Work request:
Please print exactly the line containing "this 1796×1197 image." and every line after it to the end of the records below, and nothing more.

(Dataset entries)
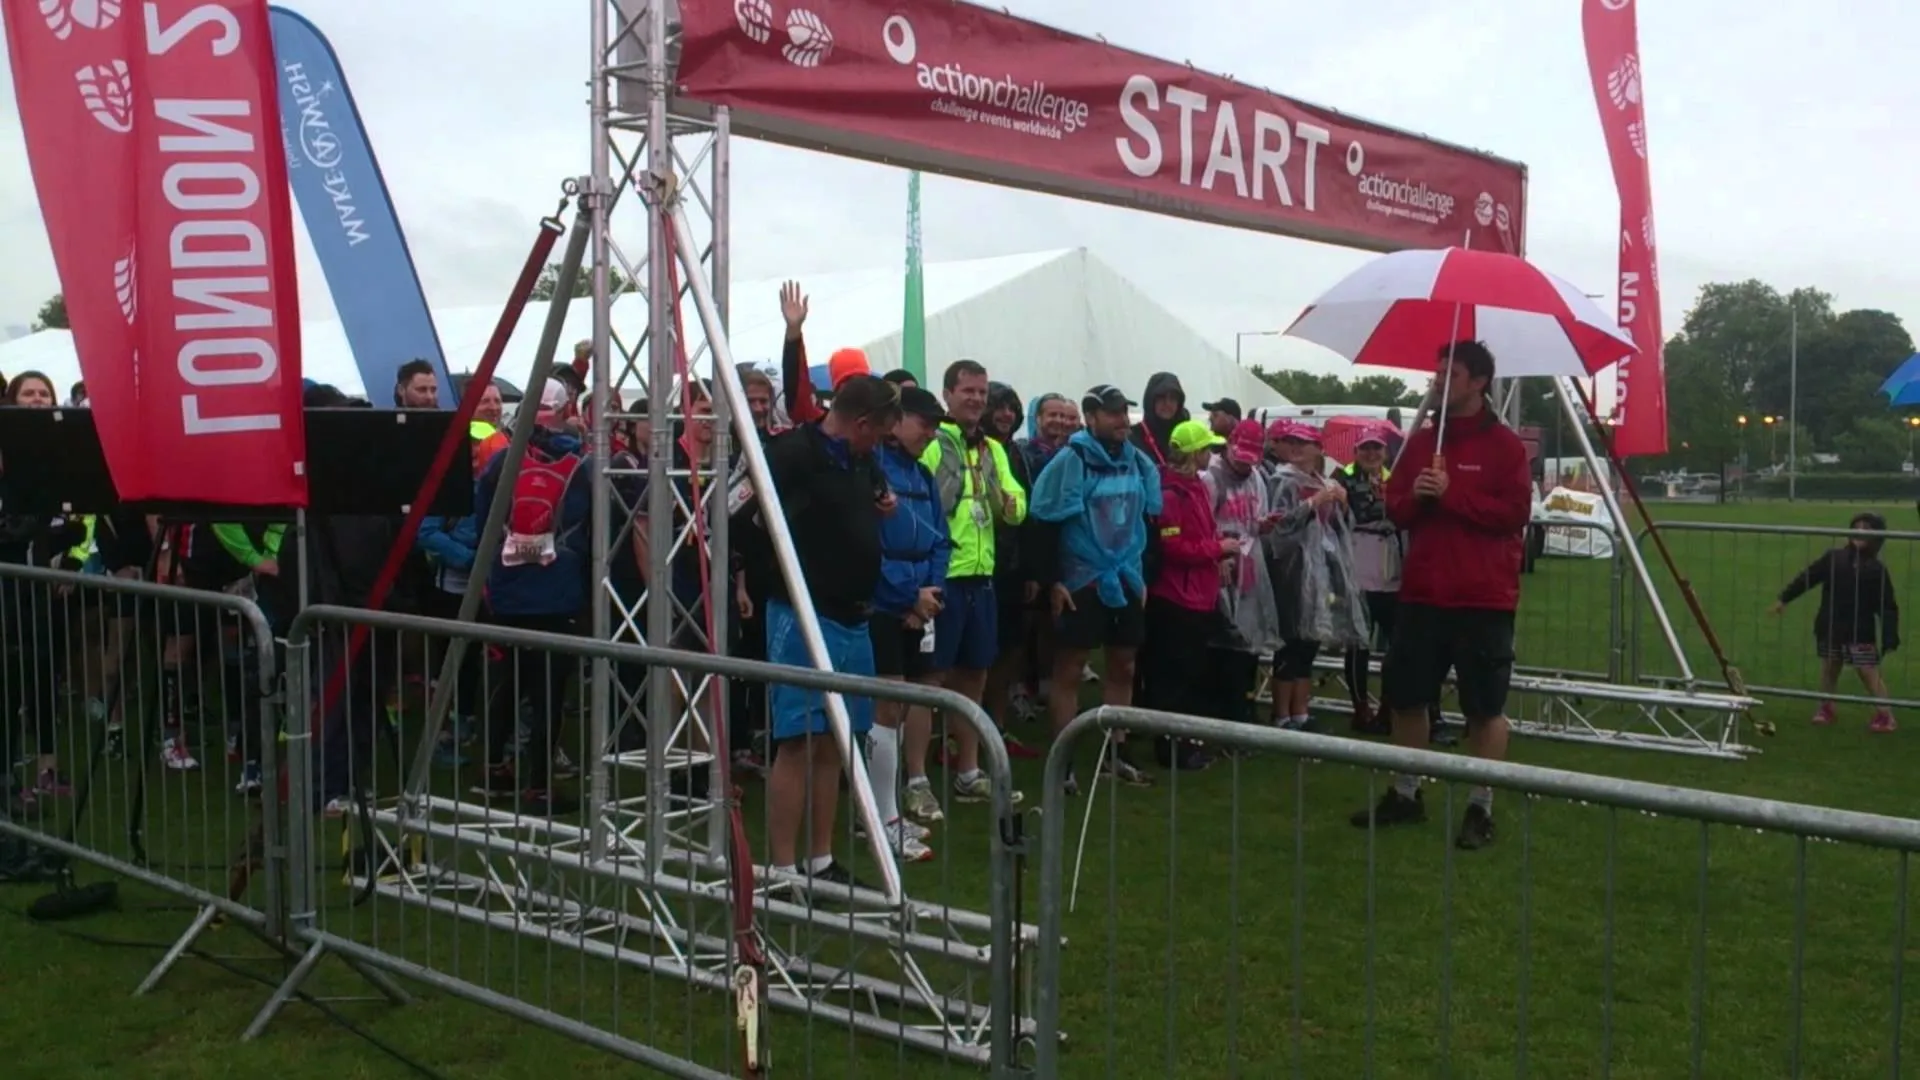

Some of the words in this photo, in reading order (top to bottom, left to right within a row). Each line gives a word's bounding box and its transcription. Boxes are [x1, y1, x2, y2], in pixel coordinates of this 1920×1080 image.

[917, 62, 1088, 132] actionchallenge
[930, 97, 979, 122] challenge
[979, 110, 1012, 129] events
[1012, 118, 1062, 139] worldwide
[1115, 74, 1330, 212] START
[1358, 172, 1455, 219] actionchallenge
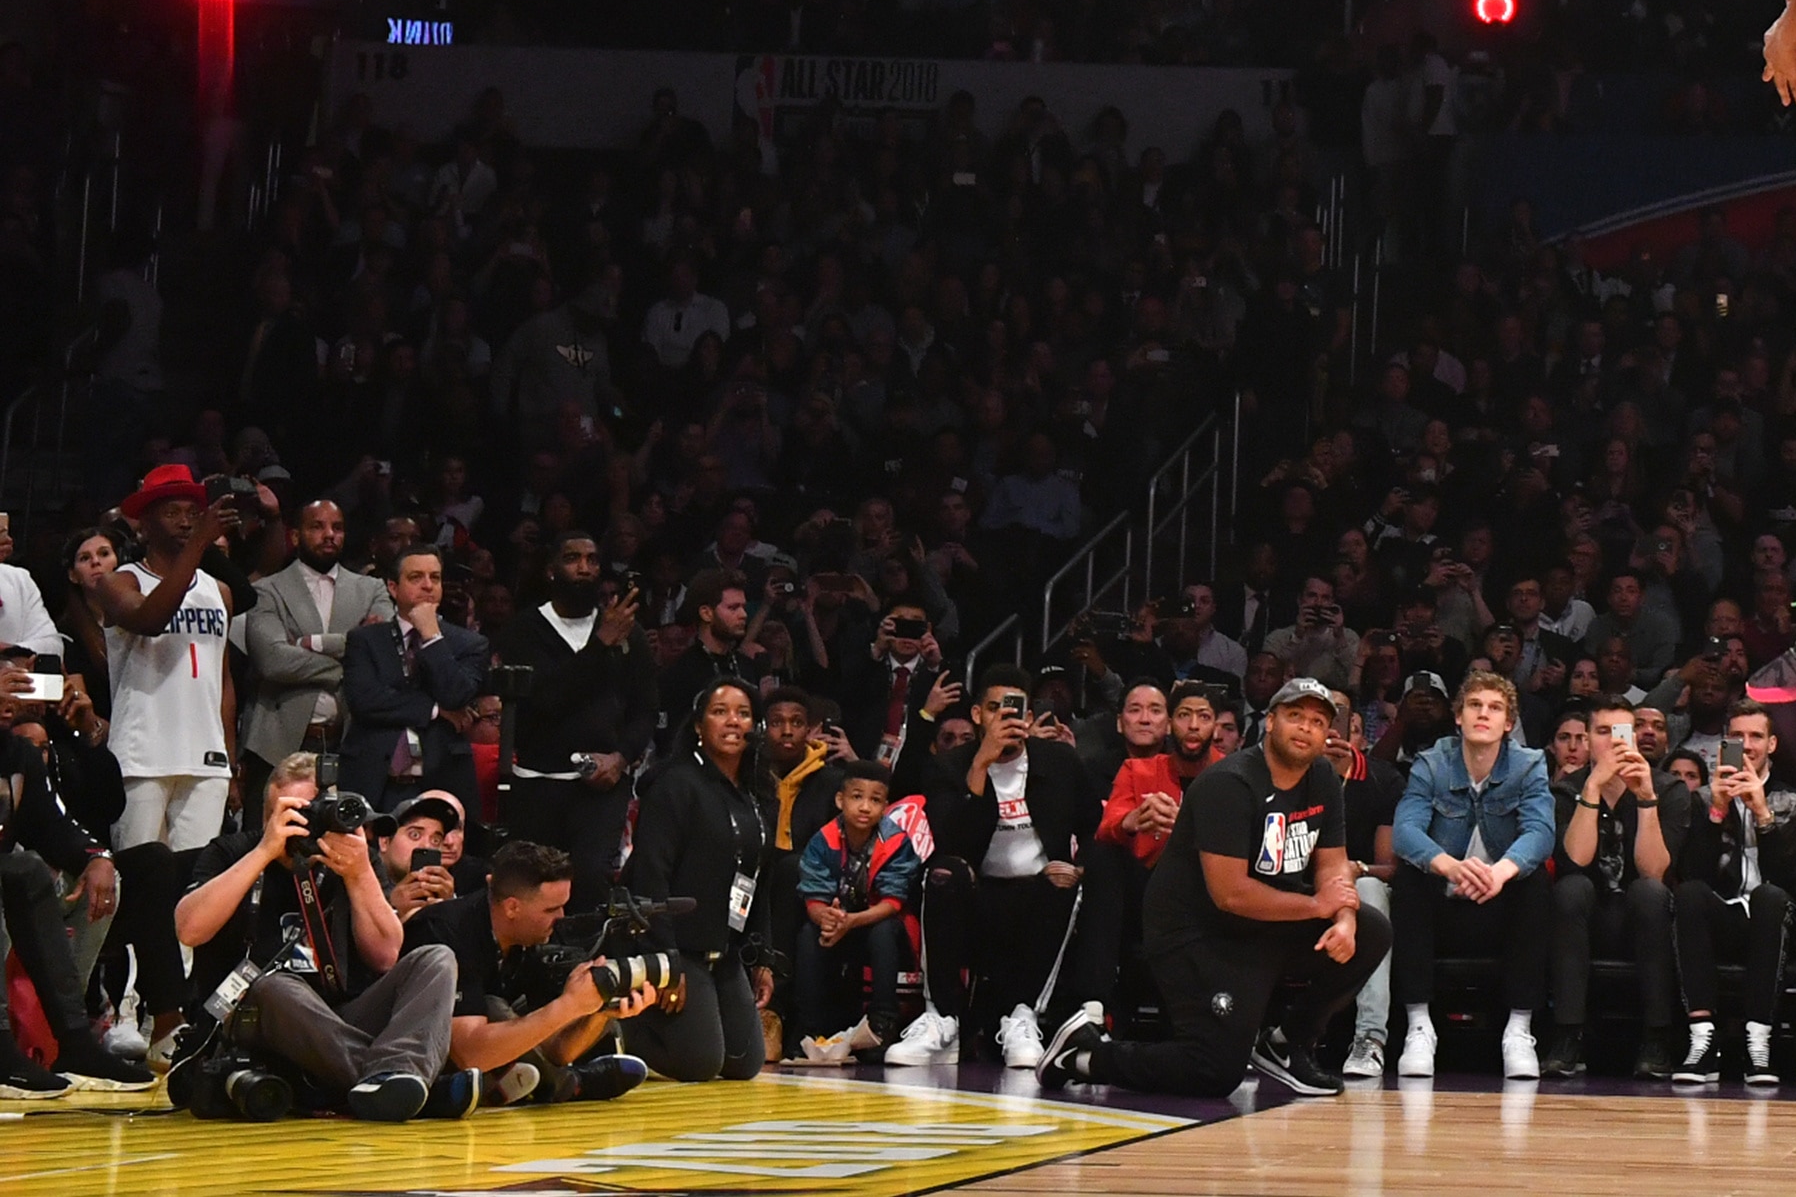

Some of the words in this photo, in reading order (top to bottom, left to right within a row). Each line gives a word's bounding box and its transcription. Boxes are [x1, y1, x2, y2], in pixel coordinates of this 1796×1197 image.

[781, 58, 818, 99] ALL
[827, 59, 884, 101] STAR
[889, 60, 940, 103] 2018
[165, 608, 224, 637] IPPERS
[190, 643, 198, 679] 1
[301, 880, 315, 904] EOS

Solution for this task:
Some of the words in this photo, in reading order (top to bottom, left to right within a row). Each line gives a word's bounding box and its transcription. Boxes are [x1, y1, x2, y2], in pixel coordinates of this 1796×1197 image.

[781, 58, 818, 99] ALL
[827, 59, 884, 101] STAR
[889, 60, 940, 103] 2018
[165, 608, 224, 637] IPPERS
[190, 643, 198, 679] 1
[301, 880, 315, 904] EOS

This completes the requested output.